Superconducting nano-scale wires: Scientists from Bar-Ilan University, Israel, supported by U.S. Department of Energy’s (DOE) at Brookhaven National Laboratory are producing superconducting nano-scale wires to facilitate faster and more powerful electronic devices.

Small Scale

Window mounted solar panels: Designers, Kyuho Song & Boa Oh have developed a small window mounted solar panel. Its called the Window Socket and it pulls solar power to an internal battery, which can be either used immediately or saved for use during night time or when there is no sun. After 8 hours of charging, the socket provides the user with 10 hours of electricity.

Portable Wind Power: There are several “back-pack” style devices that are on the market including the Rose Wind Turbine. This turbine is a small portable device that fits neatly into the trunk of a car.

Hydrogen

Electrocatalysts that can be used in electrolyzers: Researchers at the University of Calgary are using electrocatalysts that can be used in electrolyzers, which can generate hydrogen. This relatively less expensive approach can create hydrogen energy generated from solar panels or wind turbines.  It can then be used when there is no sun or no wind. The Calgary Researchers have already formed a company, named FireWater Fuel, to commercialize the new catalysts. They hope to have a prototype soon.

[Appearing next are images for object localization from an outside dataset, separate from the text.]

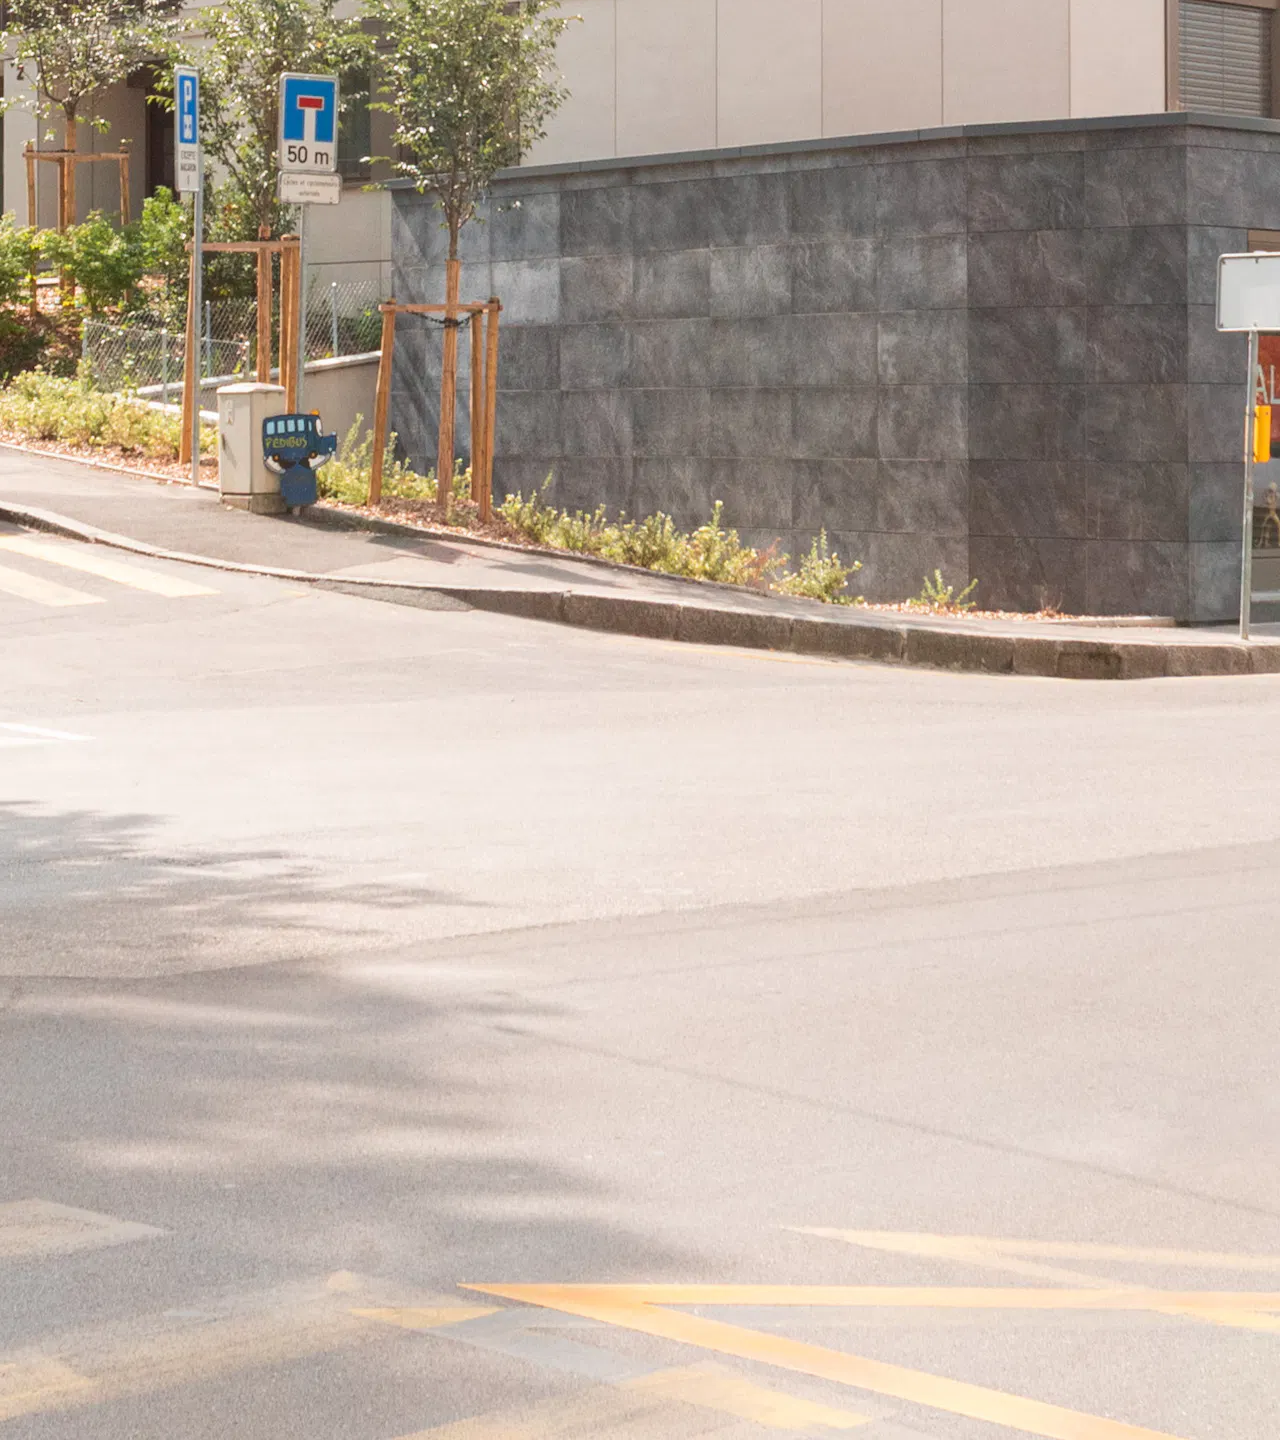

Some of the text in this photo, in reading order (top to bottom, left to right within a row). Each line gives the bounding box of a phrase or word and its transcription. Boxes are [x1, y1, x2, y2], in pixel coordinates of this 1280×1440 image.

[287, 145, 329, 165] 50 m
[265, 436, 307, 448] PEDIBUS
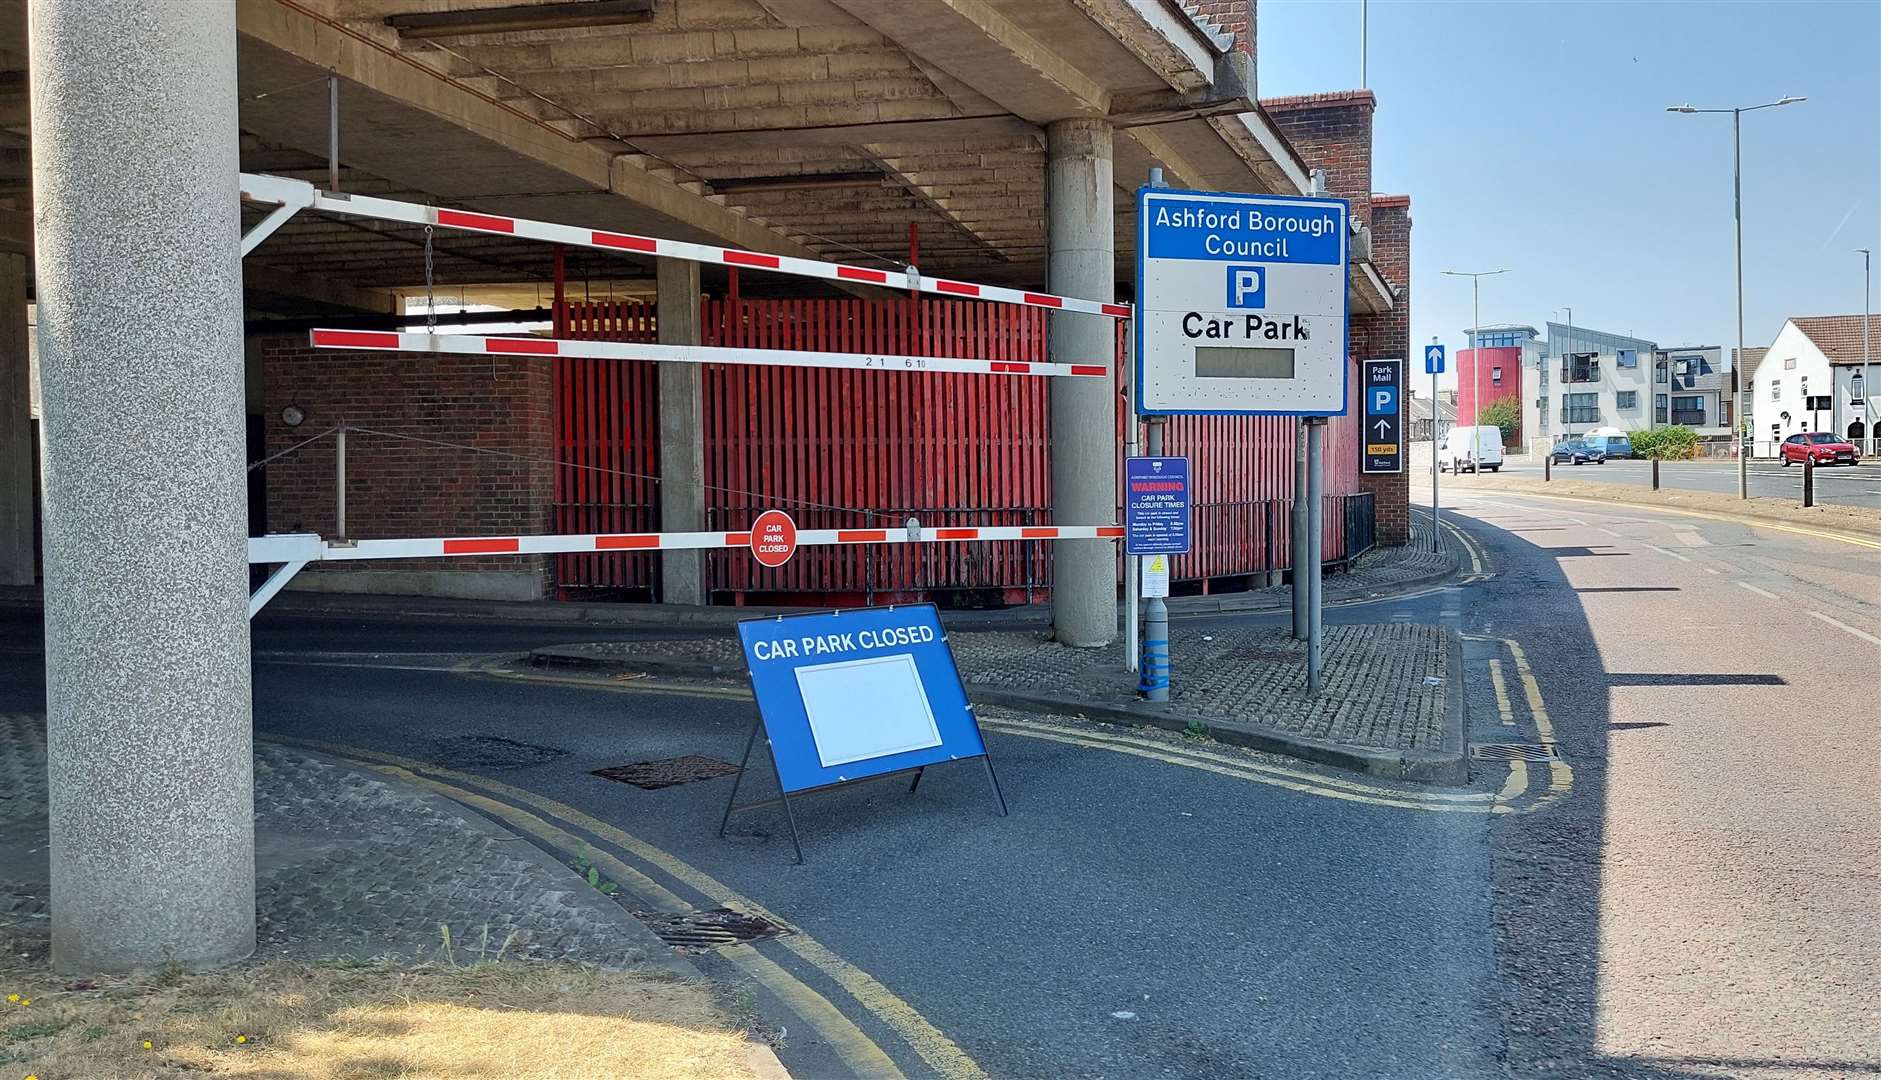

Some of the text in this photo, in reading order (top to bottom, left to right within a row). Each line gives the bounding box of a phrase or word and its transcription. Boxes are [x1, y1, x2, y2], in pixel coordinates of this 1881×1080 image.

[1155, 206, 1335, 237] Ashford Borough
[1205, 235, 1289, 257] Council
[1235, 270, 1260, 306] P
[1182, 311, 1309, 341] Car Park
[1372, 365, 1393, 374] Park
[1373, 374, 1392, 382] Mall
[1375, 391, 1391, 411] P
[1131, 482, 1184, 492] WARNING
[766, 524, 782, 532] CAR
[753, 625, 934, 661] CAR PARK CLOSED

No Catalyst: A new process is being tested by chemical engineers at Purdue University to get cost effective hydrogen production at fuel-cell temperature-level without the need for a catalyst.

Photosynthesis: Scientists from the University of Tennessee, Knoxville, and Oak Ridge National Laboratory are  working on a type of photosynthesis as a way to split water into hydrogen and oxygen.

Most of these technologies will never get off the ground to become commercially viable. However, renewable energy innovation is ongoing and we are finding ways of improving existing technologies or developing entirely new sources of clean power. It takes some imagination, but it is important to allow ourselves to see beyond the technological limitations we face today. The key is to think outside the box and not envision a future limited by the technologies of today.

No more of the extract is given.